From Deseret News archives:
Holes in the ground Construction projects hurt by economic slowdown
The development is moving along but at a slower pace than originally anticipated, as the national economy has declined and tightened credit markets.
Across town in Sugar House is a giant landscaped hole in the ground. Historic buildings that hugged the corner of 2100 South and Highland Drive were demolished last winter, but building has not yet begun and is on indefinite hold.
With the exception of South Towne Center, every major retail complex in the Salt Lake Valley is undergoing reconstruction. Developers have promised beautiful new "lifestyle centers" that combine office, residential and retail space similar to The Gateway.

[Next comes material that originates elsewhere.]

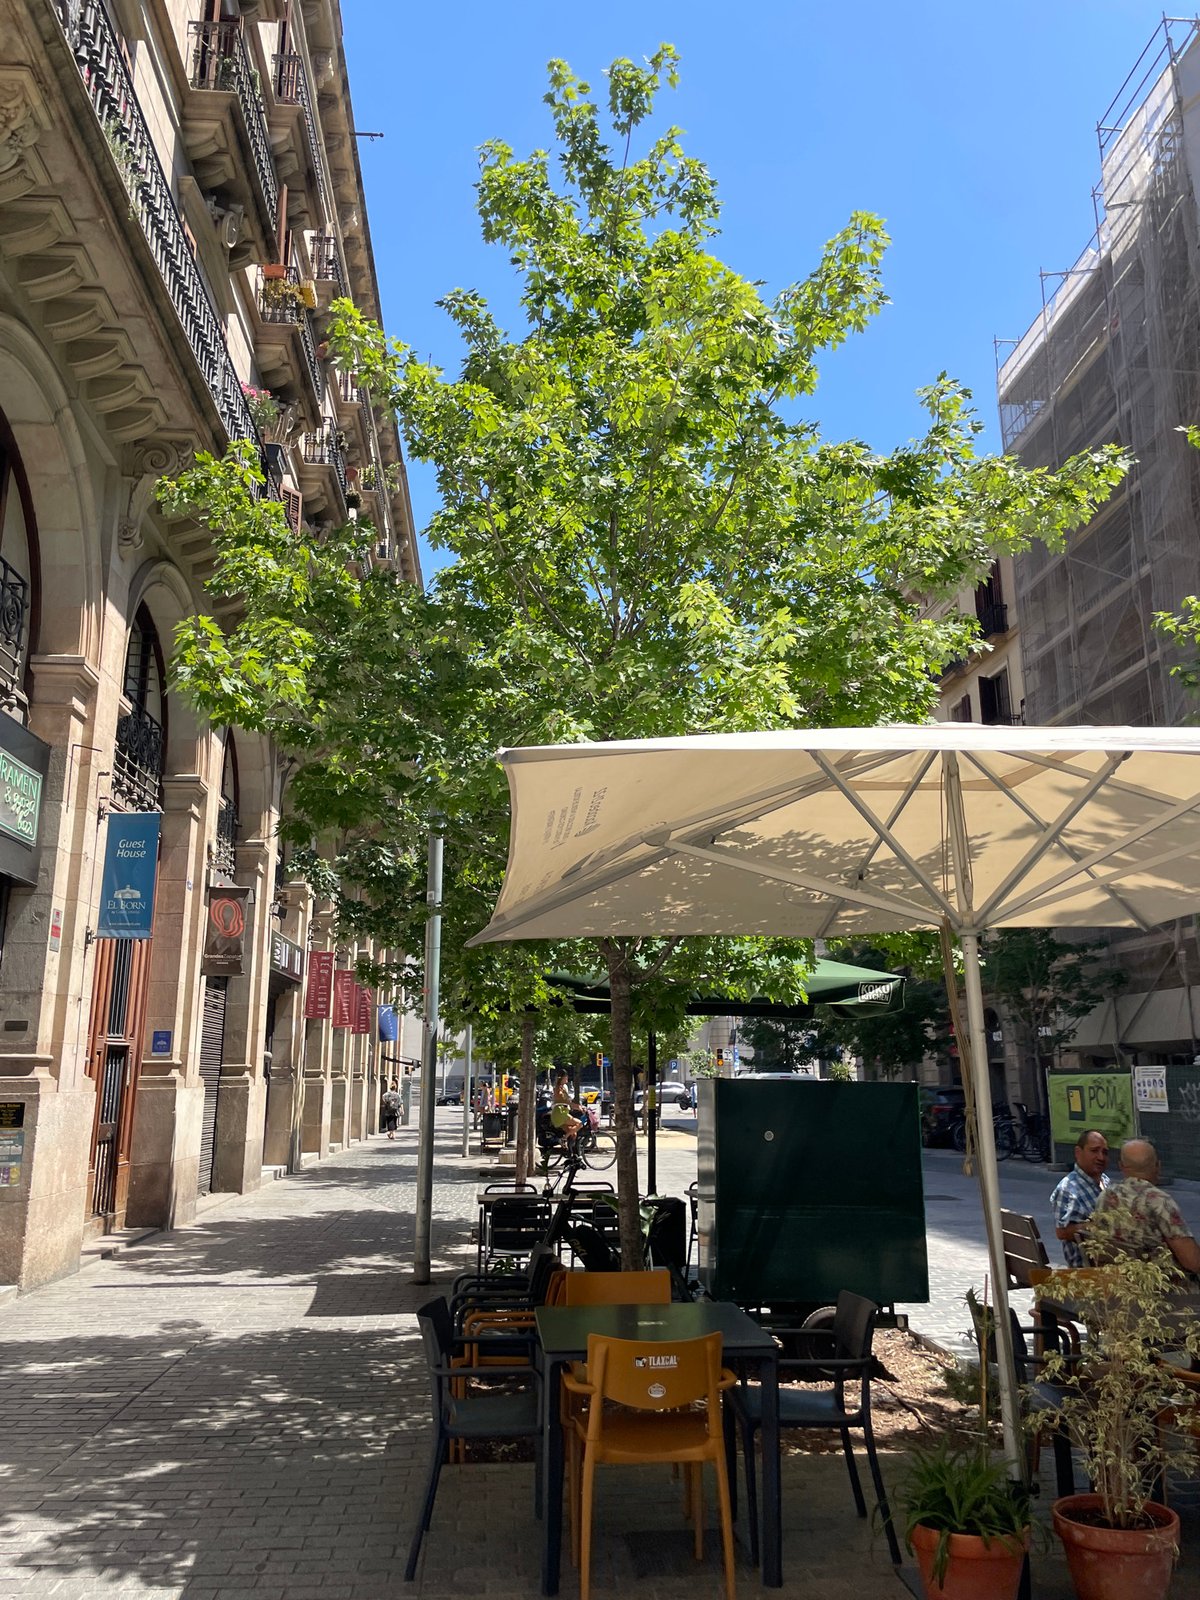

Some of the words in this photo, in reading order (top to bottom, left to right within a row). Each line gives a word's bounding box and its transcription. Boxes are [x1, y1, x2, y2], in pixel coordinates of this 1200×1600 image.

But with the economy's crash, loans have become tough for developers to obtain. Retailers that only months ago were in expansion mode have become reticent about signing long-term leases in new developments.
Developers with projects in the Salt Lake Valley have said that the number of leases they have signed has slowed. Making problems worse, the Cottonwood Mall and Sugar House developers have admitted to city officials that the credit crunch has also prevented them from following original construction deadlines.
Darrel Tate, a retail and land specialist with local real-estate firm Commerce CRG, said some of the trends in the home mortgage industry were replicated in the commercial mortgage industry. Lending became aggressive and commercial mortgages were bundled and sold as commercial mortgage-backed securities.
Those commercial securities "haven't quite seen the fail rate of the residential-backed securities, but there is a lot of prediction that that is forthcoming, that we're going to see a pretty significant impact due to the commercial mortgage-backed securities market, as well," Tate said.
Discretionary income that people normally spent at the mall is now used for fuel and the rising cost of goods. That also has hurt retailers, Tate said. And retailers are feeling the credit crunch. They sometimes get short-term loans to purchase merchandise or pay employees. The credit, these days, isn't always available.
"You have less expansion pretty much across the board announced by more retailers, which is certainly going to impact how aggressively you do retail development," Tate said.
The credit crunch
Chicago-based General Growth Properties Inc. owns the former Cottonwood Mall site and is overseeing the new development, which was planned to have about 500 townhomes, condos, and single-family detached homes, as well as 400,000 square feet of retail and 400,000 square feet of office space.